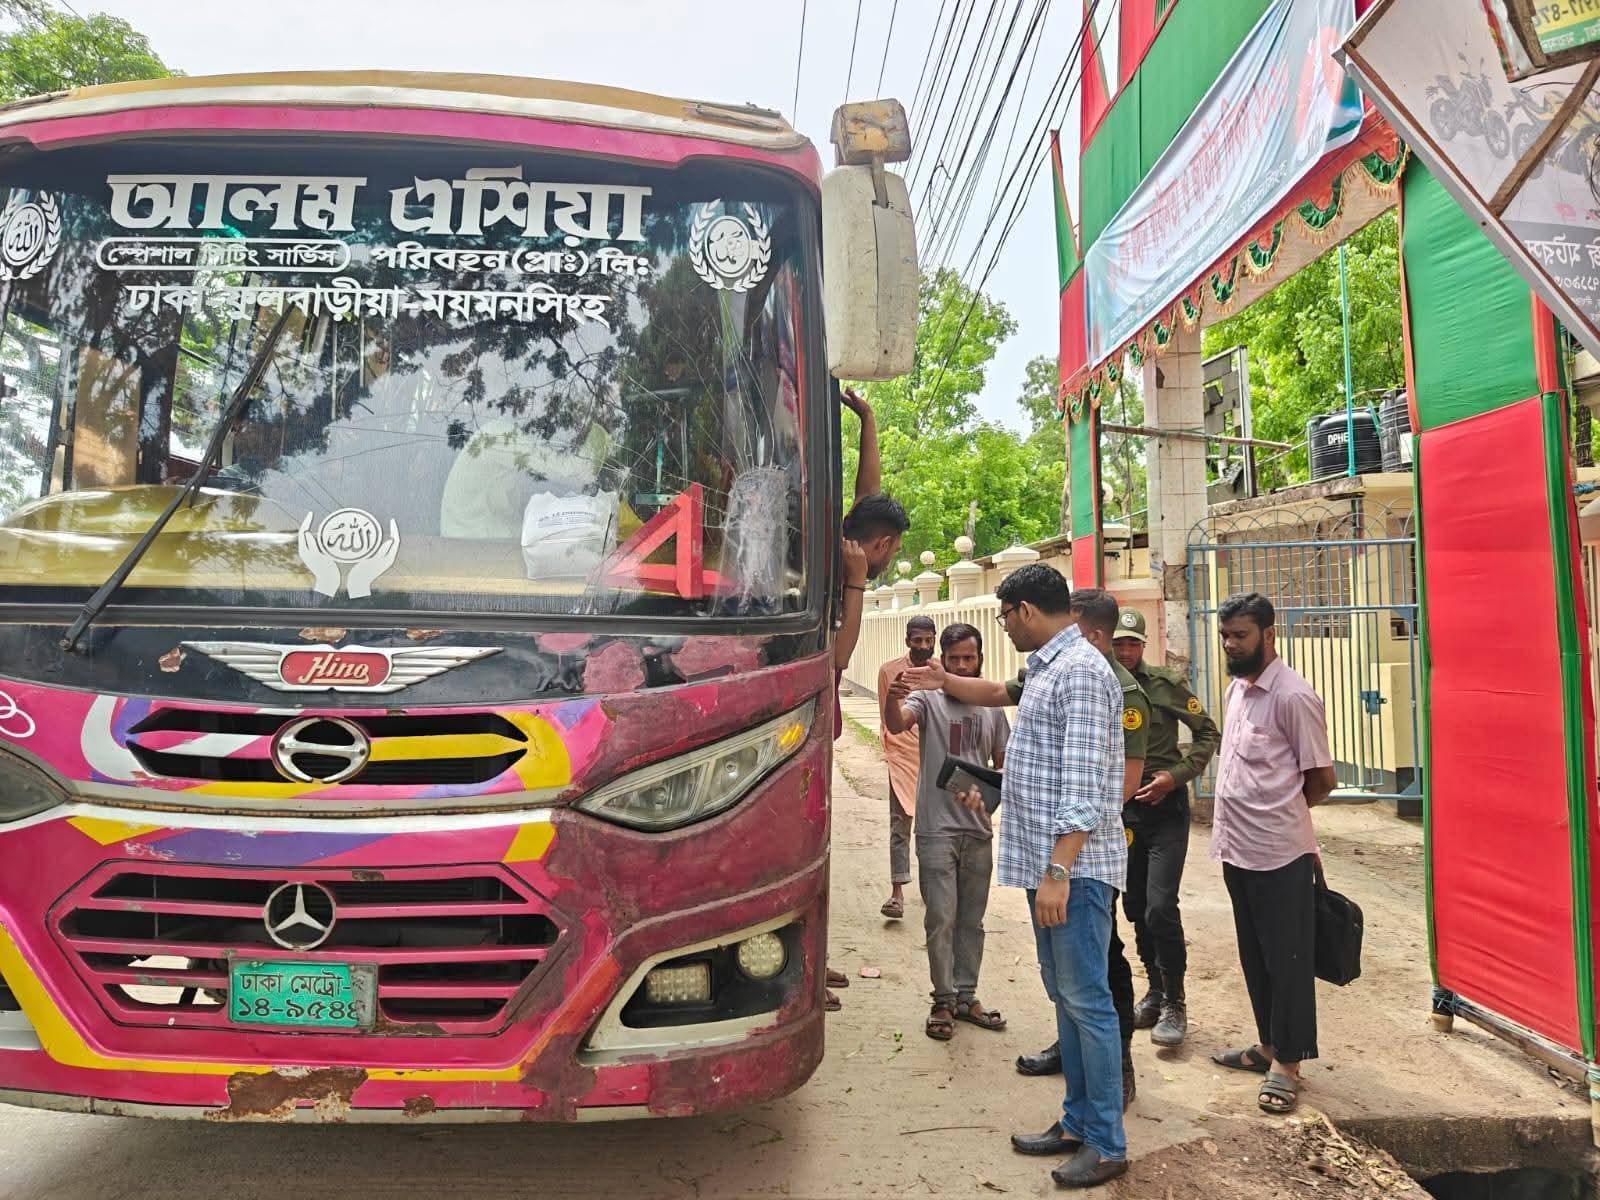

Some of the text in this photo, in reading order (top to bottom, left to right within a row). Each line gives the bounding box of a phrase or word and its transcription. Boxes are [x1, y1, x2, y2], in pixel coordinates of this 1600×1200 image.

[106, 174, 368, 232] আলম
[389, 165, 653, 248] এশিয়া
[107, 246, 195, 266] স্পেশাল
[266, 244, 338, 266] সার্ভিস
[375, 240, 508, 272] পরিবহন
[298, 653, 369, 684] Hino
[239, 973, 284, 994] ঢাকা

PROBLEM:
Print the data again word for word, pictures excluded.

SOLUTION FOR THIS PROBLEM:
Some of the text in this photo, in reading order (top to bottom, left to right within a row). Each line gives the bounding box of a phrase or word and its transcription. Boxes are [x1, y1, x2, y2], in pixel coordinates of this 1600×1200 image.

[106, 174, 368, 232] আলম
[389, 165, 653, 248] এশিয়া
[107, 246, 195, 266] স্পেশাল
[266, 244, 338, 266] সার্ভিস
[375, 240, 508, 272] পরিবহন
[298, 653, 369, 684] Hino
[239, 973, 284, 994] ঢাকা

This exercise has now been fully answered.